The Miss Louisiana Teen USA competition is the pageant that selects the representative for the state of Louisiana in the Miss Teen USA pageant.

Louisiana is in the top 10 most successful states at Miss Teen USA in terms of number and value of placements.
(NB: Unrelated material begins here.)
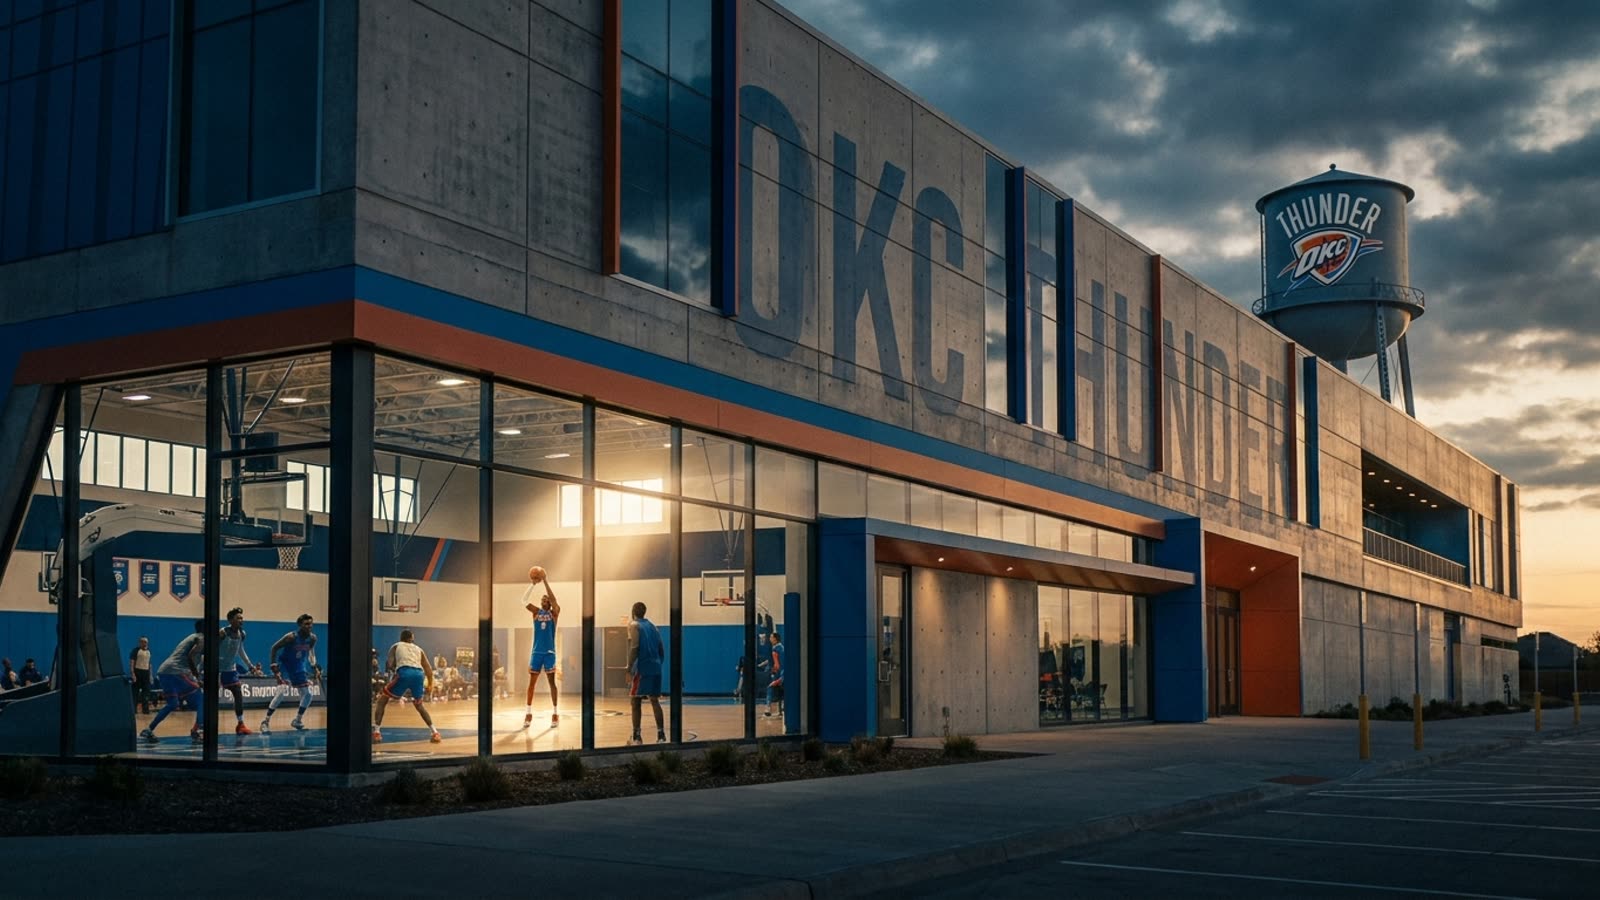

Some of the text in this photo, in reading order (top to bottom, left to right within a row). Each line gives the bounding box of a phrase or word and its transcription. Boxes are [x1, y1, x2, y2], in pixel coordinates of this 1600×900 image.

Notable former Miss Louisiana Teen USA titleholders are Miss USA 1996 Ali Landry, Miss Teen USA 2004 Shelley Hennig, Miss Teen USA 2015 Katherine Haik, and Jennifer Dupont, who placed first runner-up at Miss America 2005.  Landry and Hennig have gone on to successful acting careers.  Candice Stewart, Miss Louisiana Teen USA 2002 was a contestant on CBS's Big Brother 15 in 2013.  

At 15, Haik is the youngest woman to win the Miss Teen USA title.

Miss Louisiana Teen USA is produced by RPM Productions since 1990, which also produces the Miss USA and Miss Teen USA state pageants for Alabama, North Carolina and South Carolina. 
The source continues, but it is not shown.